▶ Task details
Ignoring the images, restate the records below word for word.

════════

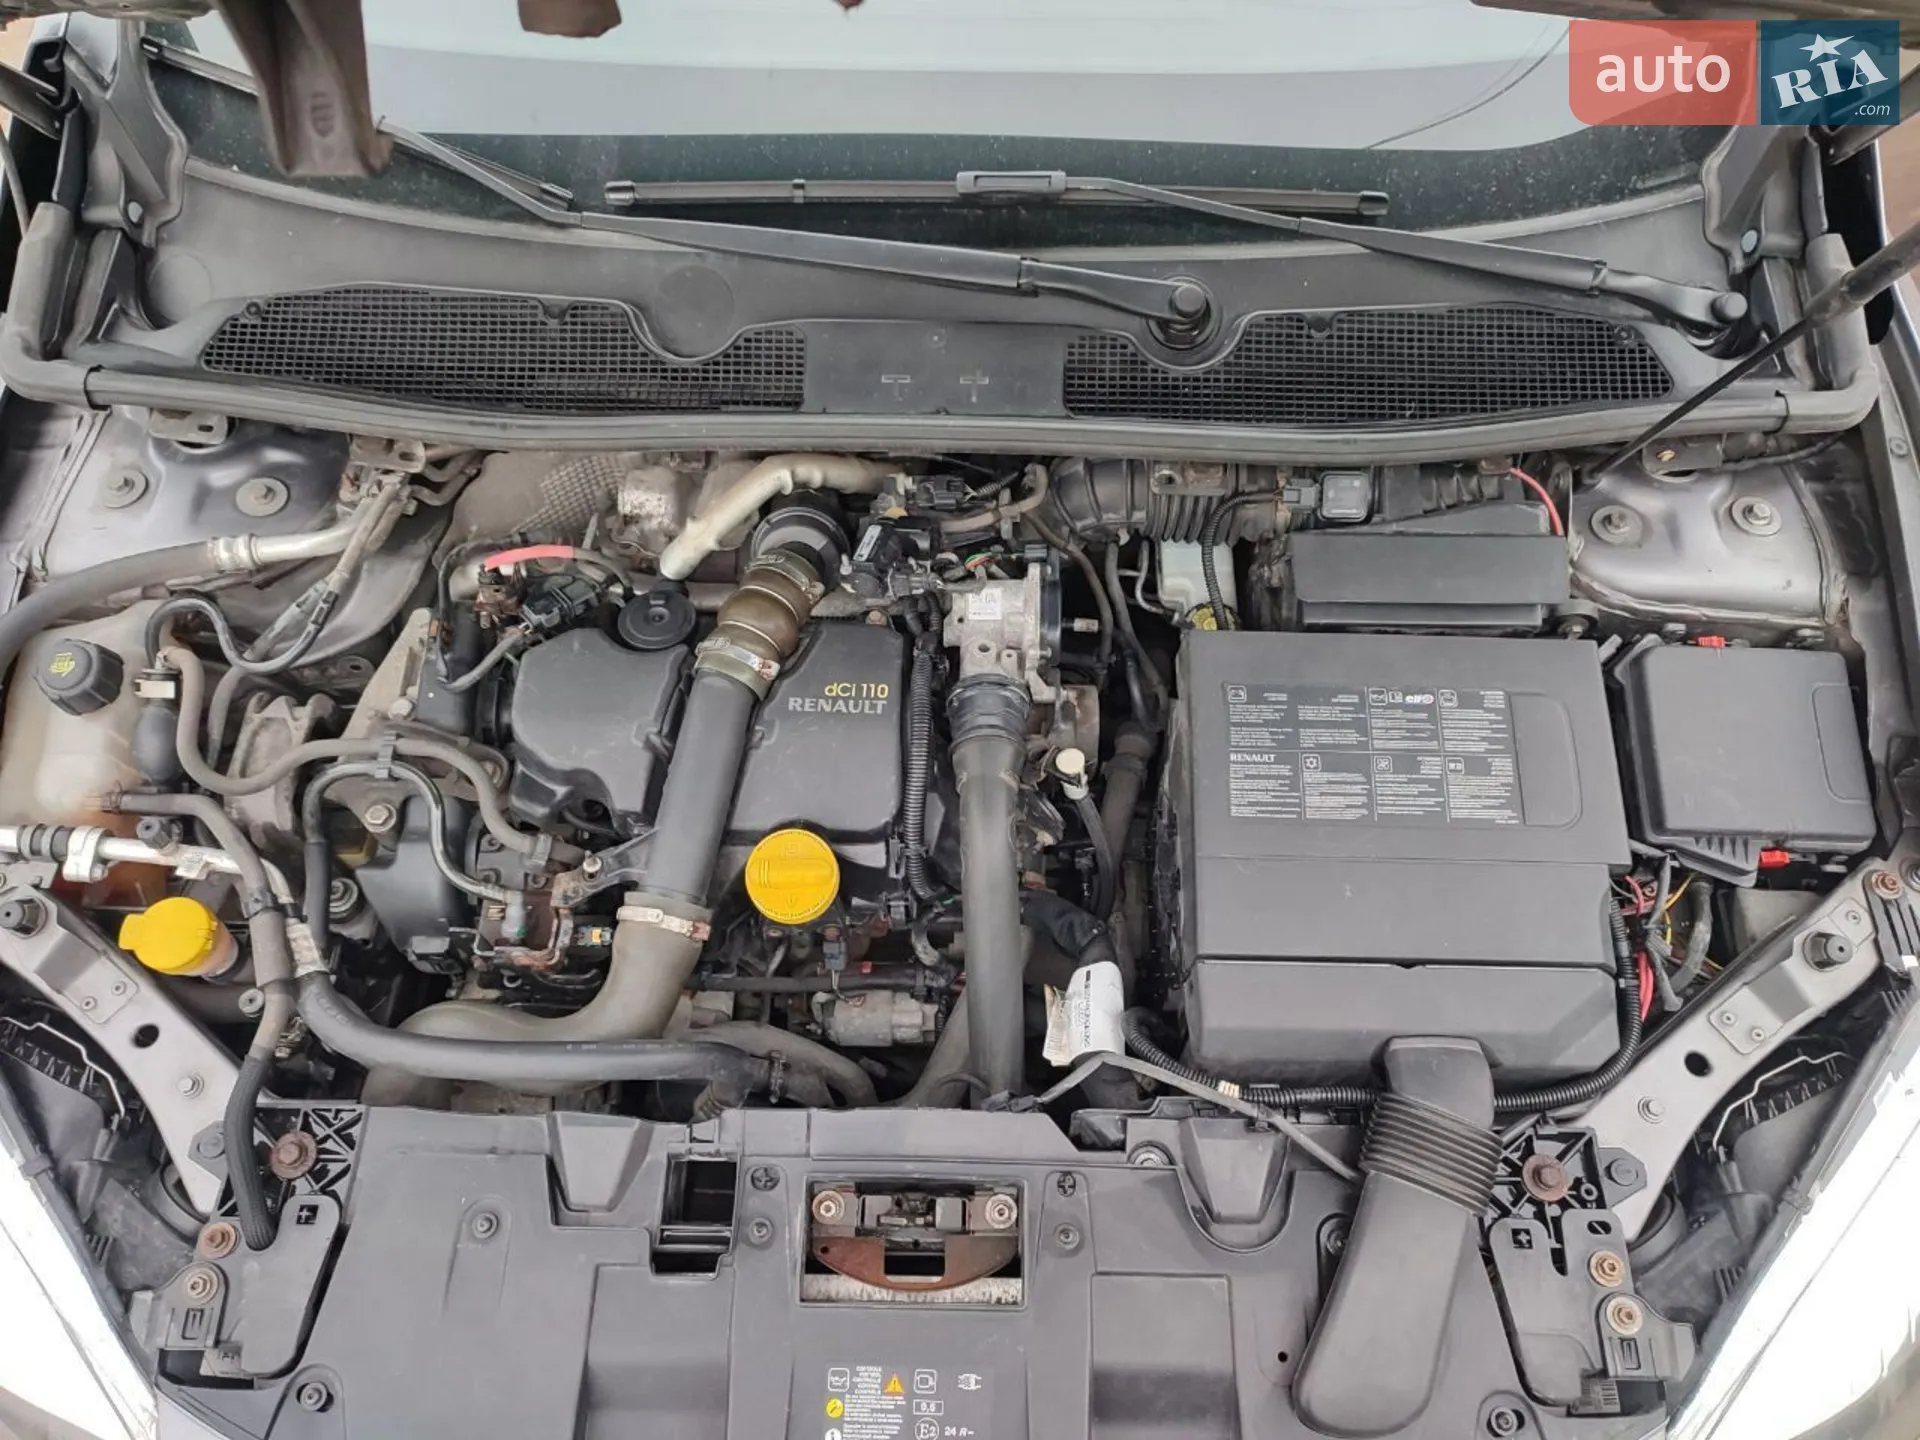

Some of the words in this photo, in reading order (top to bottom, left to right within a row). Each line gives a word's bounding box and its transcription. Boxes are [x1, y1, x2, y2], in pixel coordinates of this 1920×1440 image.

[824, 682, 856, 698] dCi
[861, 683, 889, 698] 110
[788, 697, 887, 714] RENAULT
[1229, 752, 1277, 763] RENAULT
[920, 1423, 937, 1439] E2
[944, 1426, 957, 1437] 24

════════

▶ Output below
Some of the words in this photo, in reading order (top to bottom, left to right within a row). Each line gives a word's bounding box and its transcription. Boxes are [x1, y1, x2, y2], in pixel coordinates of this 1920×1440 image.

[824, 682, 856, 698] dCi
[861, 683, 889, 698] 110
[788, 697, 887, 714] RENAULT
[1229, 752, 1277, 763] RENAULT
[920, 1423, 937, 1439] E2
[944, 1426, 957, 1437] 24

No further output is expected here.